**TASK REQUIREMENTS**:
What is needed is an exact copy of the records below, with the pictures left out.

**RECORDS FOR PROCESSING**:
::::

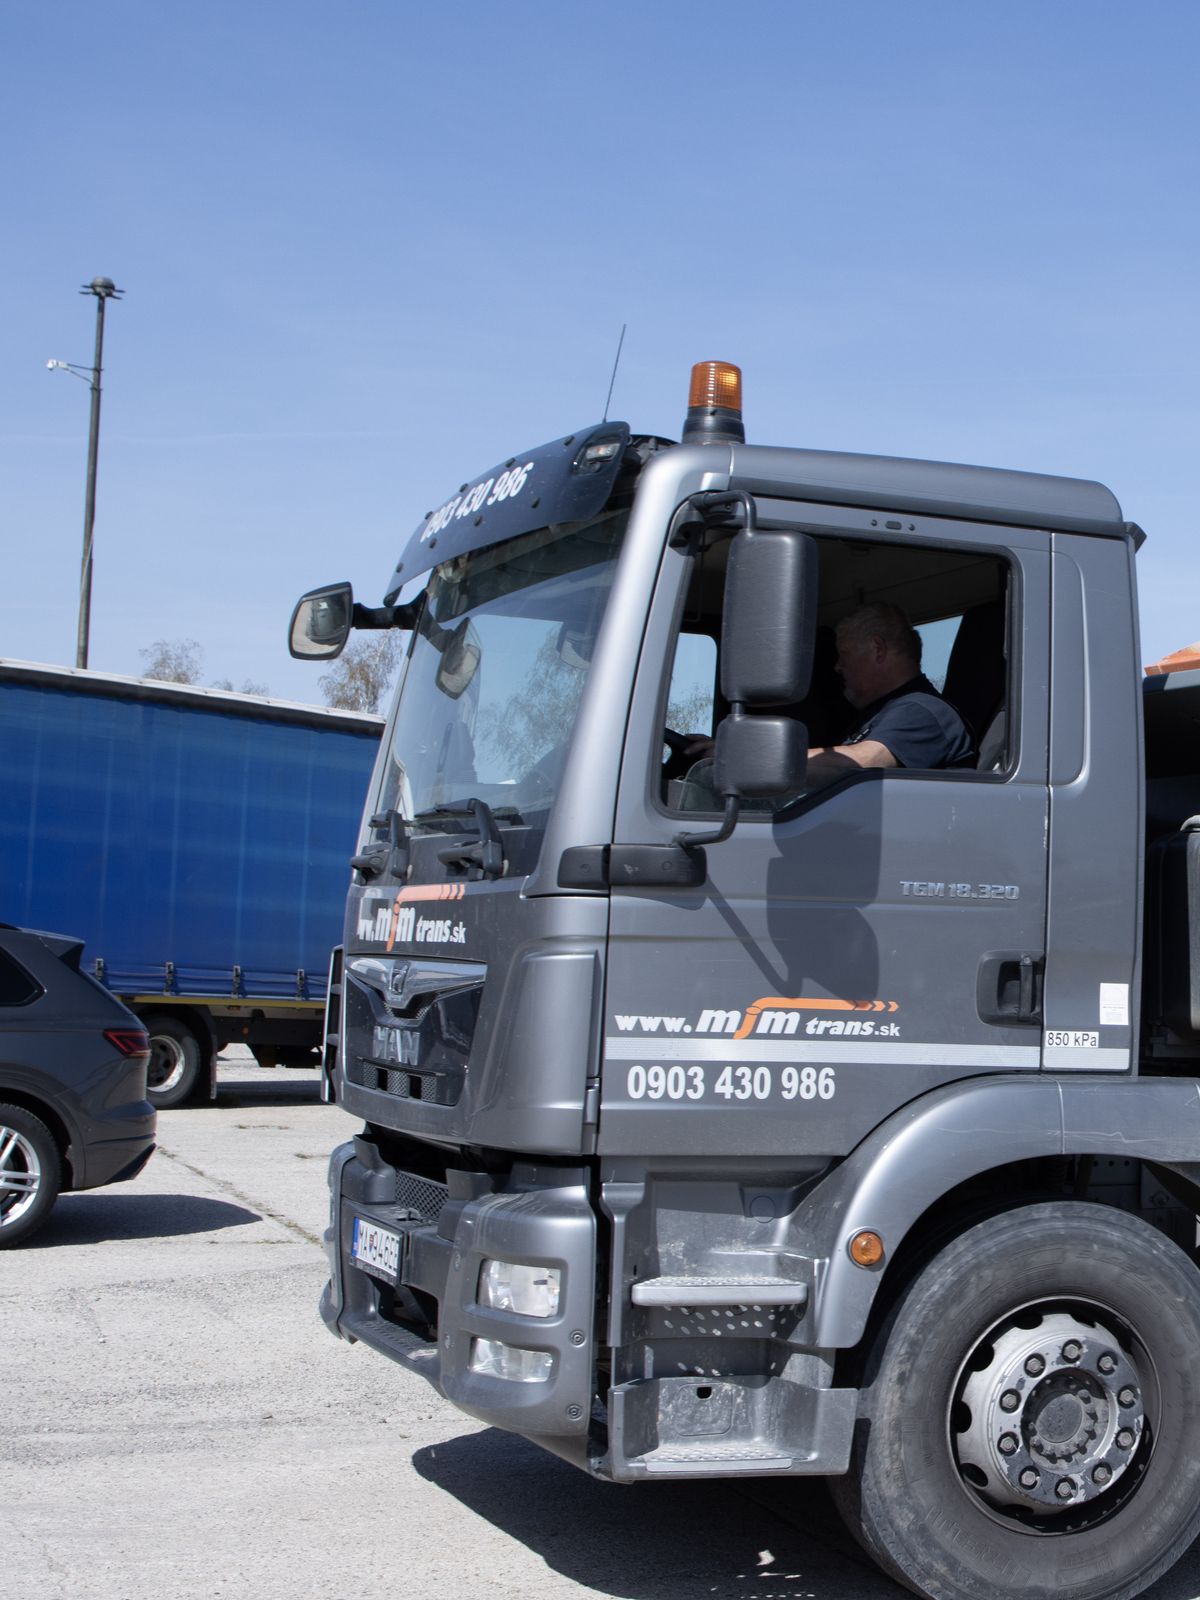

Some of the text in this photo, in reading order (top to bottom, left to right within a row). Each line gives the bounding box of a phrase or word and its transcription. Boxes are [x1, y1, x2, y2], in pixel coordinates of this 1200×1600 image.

[486, 462, 535, 506] 986
[900, 881, 1020, 900] TGM 18.320
[416, 915, 466, 943] trans.sk
[805, 1017, 901, 1038] trans.sk
[1047, 1032, 1098, 1048] 850 kPa
[373, 1025, 421, 1066] MAN
[627, 1065, 836, 1101] 0903 430 986

::::

**SOLUTION**:
Some of the text in this photo, in reading order (top to bottom, left to right within a row). Each line gives the bounding box of a phrase or word and its transcription. Boxes are [x1, y1, x2, y2], in pixel coordinates of this 1200×1600 image.

[486, 462, 535, 506] 986
[900, 881, 1020, 900] TGM 18.320
[416, 915, 466, 943] trans.sk
[805, 1017, 901, 1038] trans.sk
[1047, 1032, 1098, 1048] 850 kPa
[373, 1025, 421, 1066] MAN
[627, 1065, 836, 1101] 0903 430 986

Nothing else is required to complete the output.